Metallographic specimens were cut near the monitoring thermocouple and prepared by standard techniques before being examined via an optical microscope (OM, ZEISS Axio Observer.A1m) and scanning electron microscope (SEM, JEOL JSM-6510). The measurement of average prior austenite grain size were made on micrographs of grain boundary ferrite and calculated using a linear intercept technique. More detailed microstructural examination including the morphology of microconstituents and the nanoscaled precipitated particles were performed on the thin foil and carbon replica samples using a FEI Tecnai G2 F30 transmission electron microscope (TEM). To analyze crystallographic characteristics, the simulated specimens were electrolytically polished for the observation of electron backscattered diffraction (EBSD) using auger electron spectrometer (AES, ULVAC PHI710). EBSD maps were obtained by analyzing the crystallographic information based on TSL OIM Analysis 7 software. The scanning area and step size are 160 μm × 160 μm and 0.25 μm, respectively. Meanwhile, the larger micron-sized precipitates were observed using field emission scanning electron microscope (FESEM, Zeiss Sigma 500) and the composition was determined by energy dispersion spectroscopy (EDS, Bruker).

2.4 Mechanical Properties

The specimens subjected to welding thermal cycles were machined into standard Charpy impact samples with a dimension of 10 mm×10 mm×55 mm and the notch was placed in the center of simulated CGHAZ. The impact tests were conducted on a pendulum impact testing machine (NI750) at room temperature. The fracture surfaces of the specimens were observed by using a JEOL JSM-6510 SEM.

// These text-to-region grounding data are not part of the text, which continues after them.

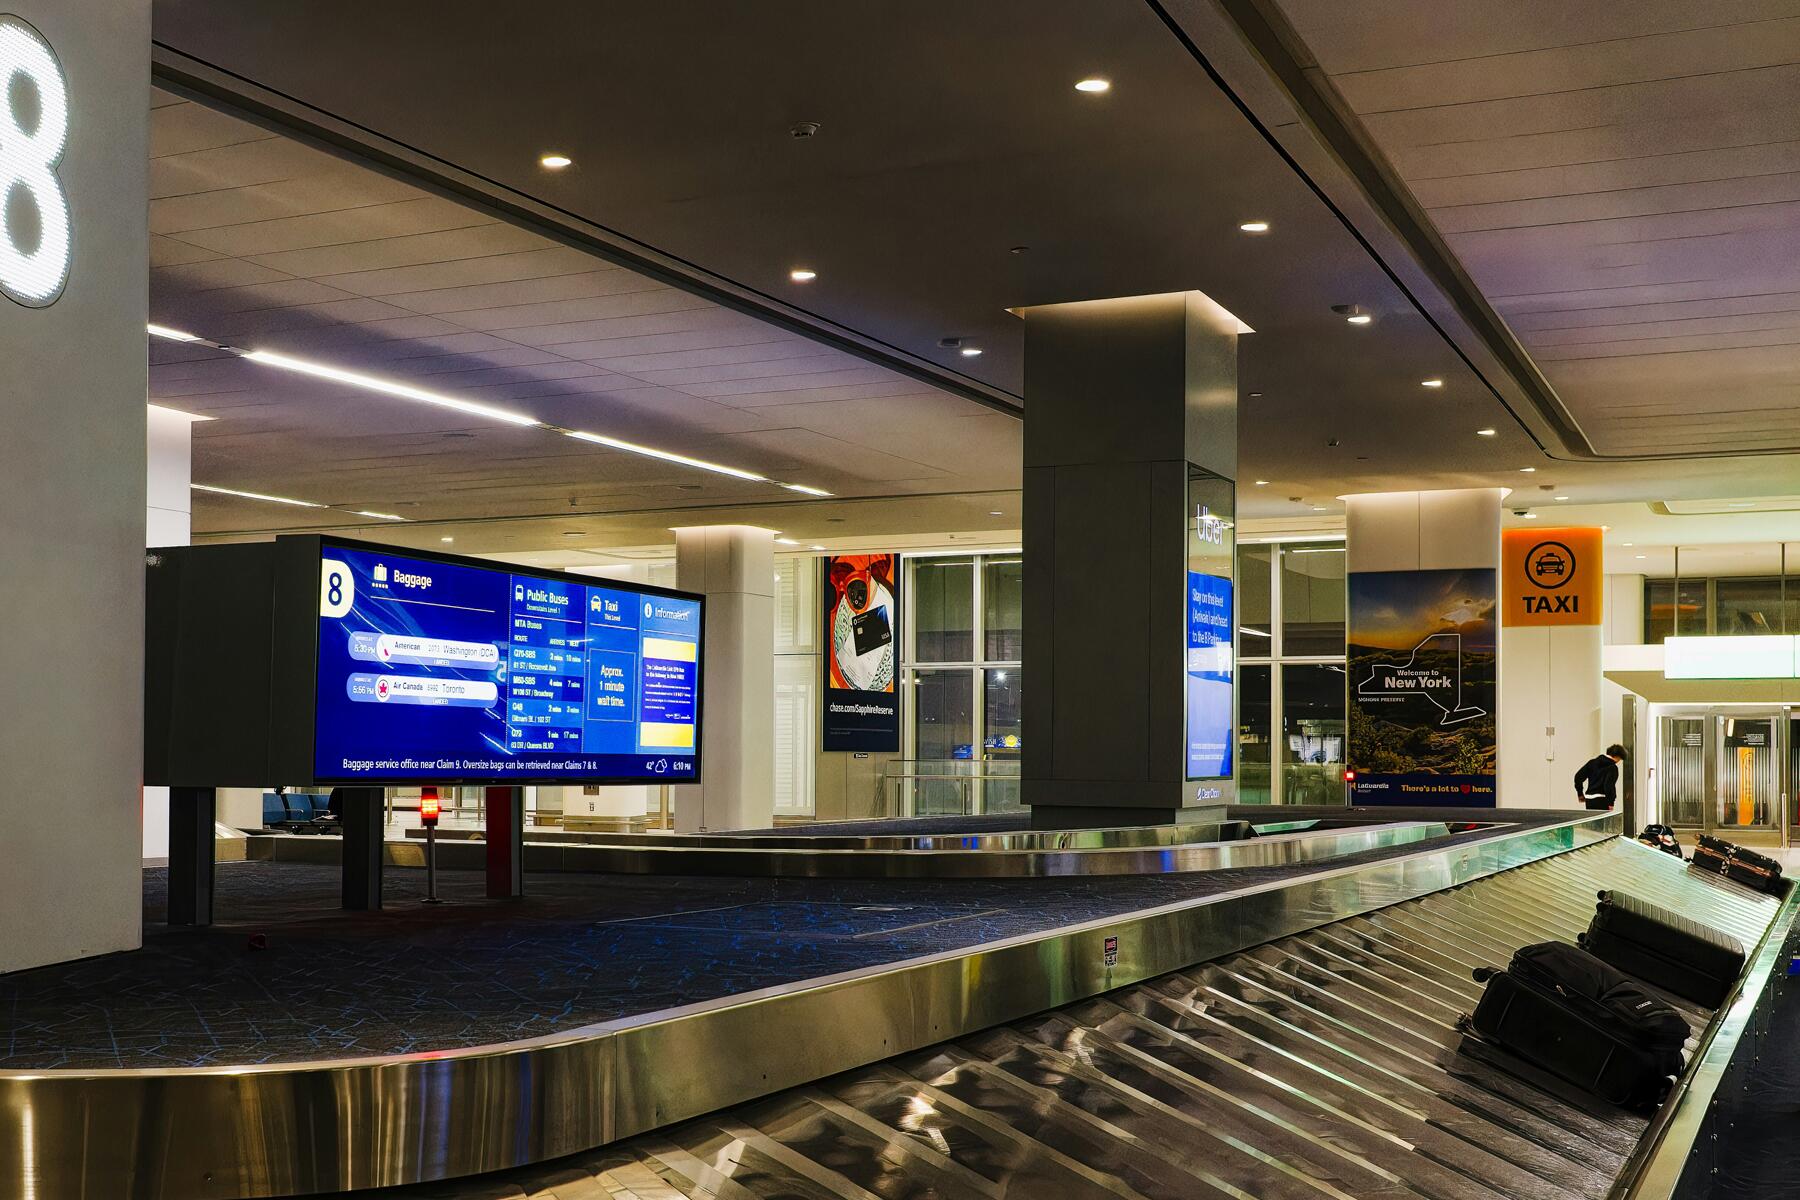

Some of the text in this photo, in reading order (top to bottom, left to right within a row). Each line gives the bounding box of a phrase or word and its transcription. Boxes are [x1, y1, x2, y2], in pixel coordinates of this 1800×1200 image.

[0, 23, 69, 300] 8
[1197, 503, 1224, 545] Uber
[393, 569, 432, 590] Baggage
[328, 572, 343, 606] 8
[527, 589, 569, 606] Public Buses
[1192, 588, 1201, 605] Stay
[1202, 594, 1208, 604] on
[604, 599, 618, 612] Taxi
[1522, 595, 1579, 614] TAXI
[655, 607, 689, 621] Information
[514, 619, 526, 628] MTA
[1192, 630, 1197, 642] to
[394, 641, 420, 651] American
[443, 645, 478, 658] Washington
[600, 664, 624, 678] Approx.
[393, 682, 402, 690] Air
[402, 682, 424, 691] Canada
[442, 683, 465, 694] Toronto
[604, 680, 624, 692] minute
[1384, 676, 1452, 688] New York
[597, 696, 625, 707] wait time.
[829, 702, 894, 716] chase.com/SapphireReserve
[343, 758, 374, 771] Baggage
[375, 758, 399, 769] service
[400, 758, 419, 769] office
[420, 761, 435, 769] near
[436, 759, 454, 769] Claim
[456, 760, 461, 769] 9.
[462, 759, 489, 769] Oversize
[490, 760, 504, 771] bags
[505, 761, 516, 770] can
[516, 760, 524, 770] be
[525, 760, 551, 770] retrieved
[551, 761, 564, 770] near
[564, 760, 582, 770] Claims
[582, 761, 587, 770] 7
[587, 761, 592, 770] &
[684, 762, 692, 770] PM
[1401, 784, 1430, 792] There's
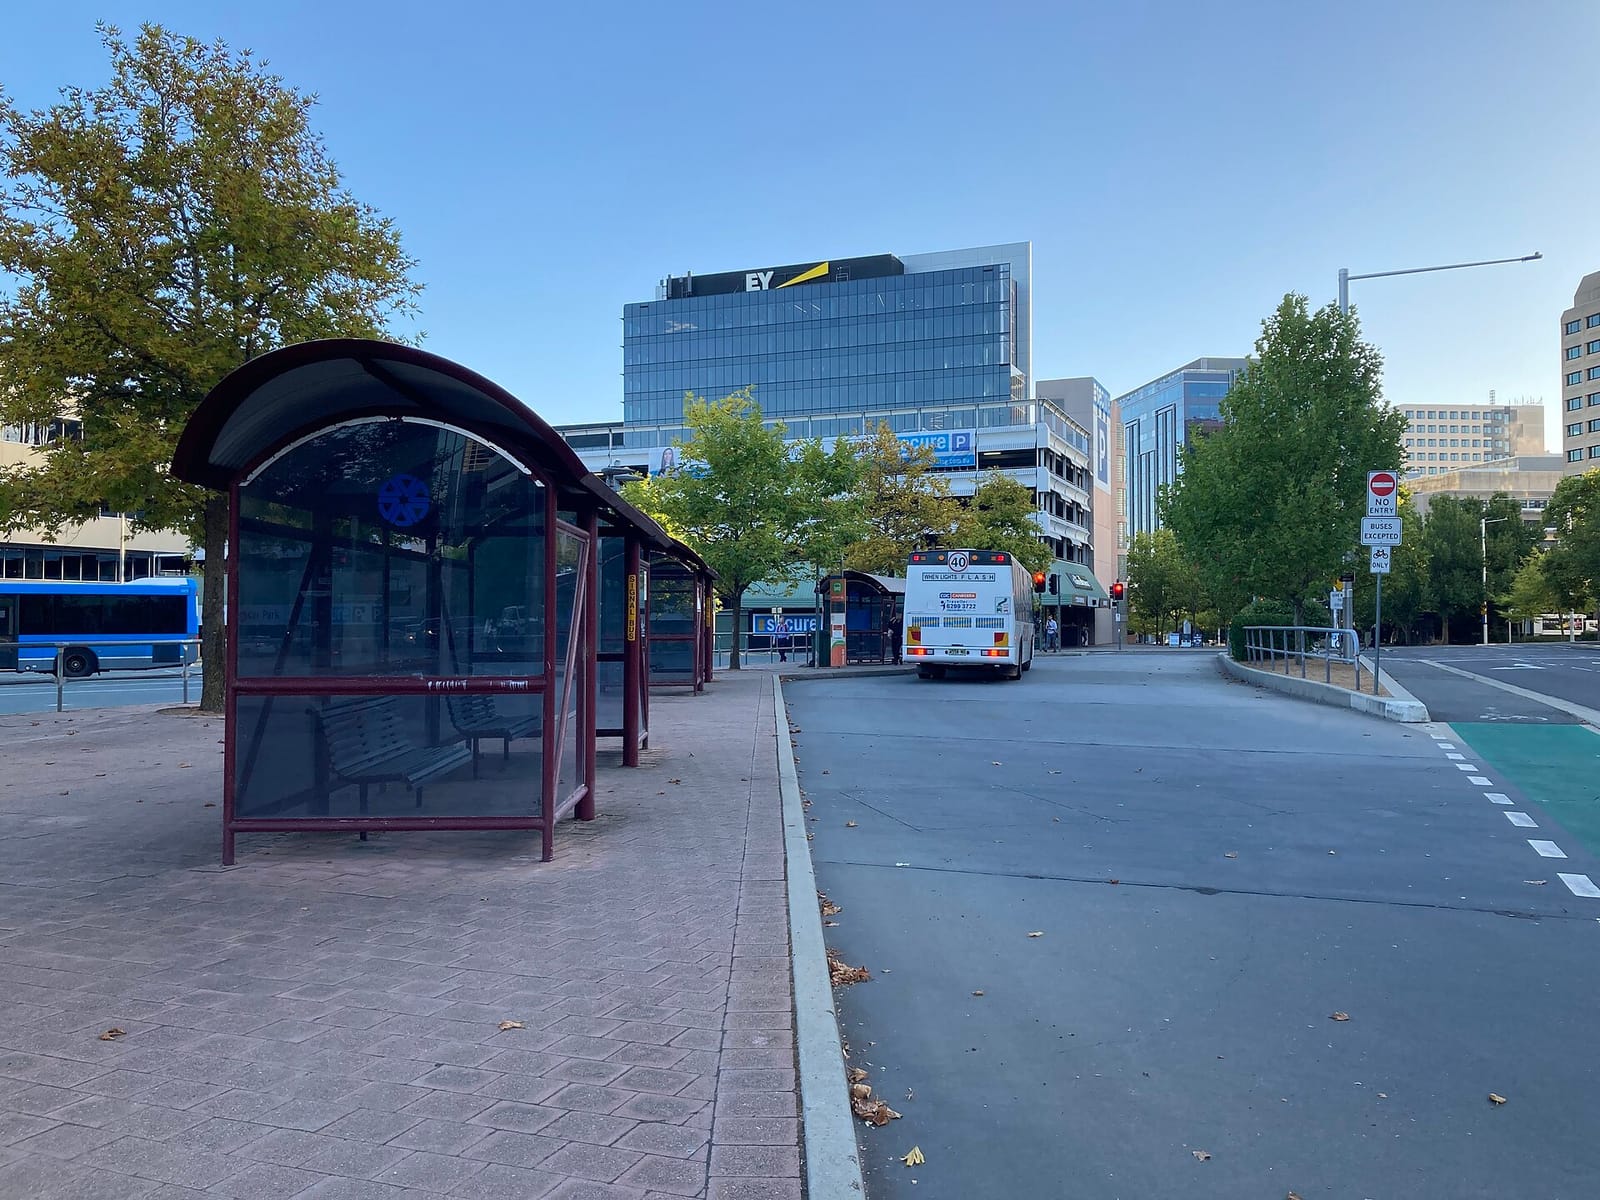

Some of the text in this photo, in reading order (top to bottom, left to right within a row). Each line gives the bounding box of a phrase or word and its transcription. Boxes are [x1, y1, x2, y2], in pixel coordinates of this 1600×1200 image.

Vickers hardness was measured at ten randomly selected regions on metallographic specimens under a load of 100 g using a THV-1MD type Vickers tester. The average values reflected the variation of microscopic hardness for the experimental steel with different welding heat input.

3 Results and Discussion

3.1 Effect of Welding Heat Input on Microstructural Evolution

The optical and scanning electron micrographs of the experimental steel in the BM and the simulated CGHAZ with different heat input are shown in Figures 2 and 3. The microstructure of BM is composed of polygonal ferrite (PF) and pearlite (P), as shown in Figures 2(a) and 3(a). At t8/5 30 s, the microstructure predominantly consisting of lath bainite and some fine ferrite netting along prior austenite grain boundary (PAGB) is shown in Figures 2(b) and 3(b). Laths with the same orientation got together and formed into packets and blocks while the laths with different orientations divided the prior austenite grain into different regions. From Figures 2(c) and 3(c), the microstructure at t8/5 60 s consists of lath bainite, granular bainite coupled with a small amount of grain boundary ferrite (GBF) and ferrite side plate (FSP) which nucleates and grows from prior austenite grain boundary to the inner grains. As t8/5 increases to 90 s, the volume fraction of GB is obviously increased and some coarse Widmanstatten ferrite (WF) is formed from PAGB, as shown in Figures 2(d) and 3(d). Literatures [6, 24] revealed that the transformation temperature of GB and LB is similar and between the starting temperature of upper bainite and lower bainite while LB forms at a higher cooling rate compared with that of GB, which agrees with the above observed result. When t8/5 further reaches 120 s and 180 s, the size of GBF is markedly increased and simultaneously the untransformed austenite will be gradually enriched with carbon, and thus the pearlite forms surrounding GBF due to local concentrated C. Moreover, the IAF and IPF generated inside of the prior austenite grains are shown in Figures 2(e), 2(f), 3(e) and 3(f), and the volume fraction of IAF and IPF is increased with t8/5 increasing. In general, the simulated CGHAZ corresponding to t8/5 30 s– 90 s has bainitic dominated microstructure composed of LB and GB. The content of GB increases with t8/5 increasing, and that of LB decreases. At t8/5 120 s and 180 s, the simulated CGHAZ is mainly characterized by a mixture of IAF and IPF.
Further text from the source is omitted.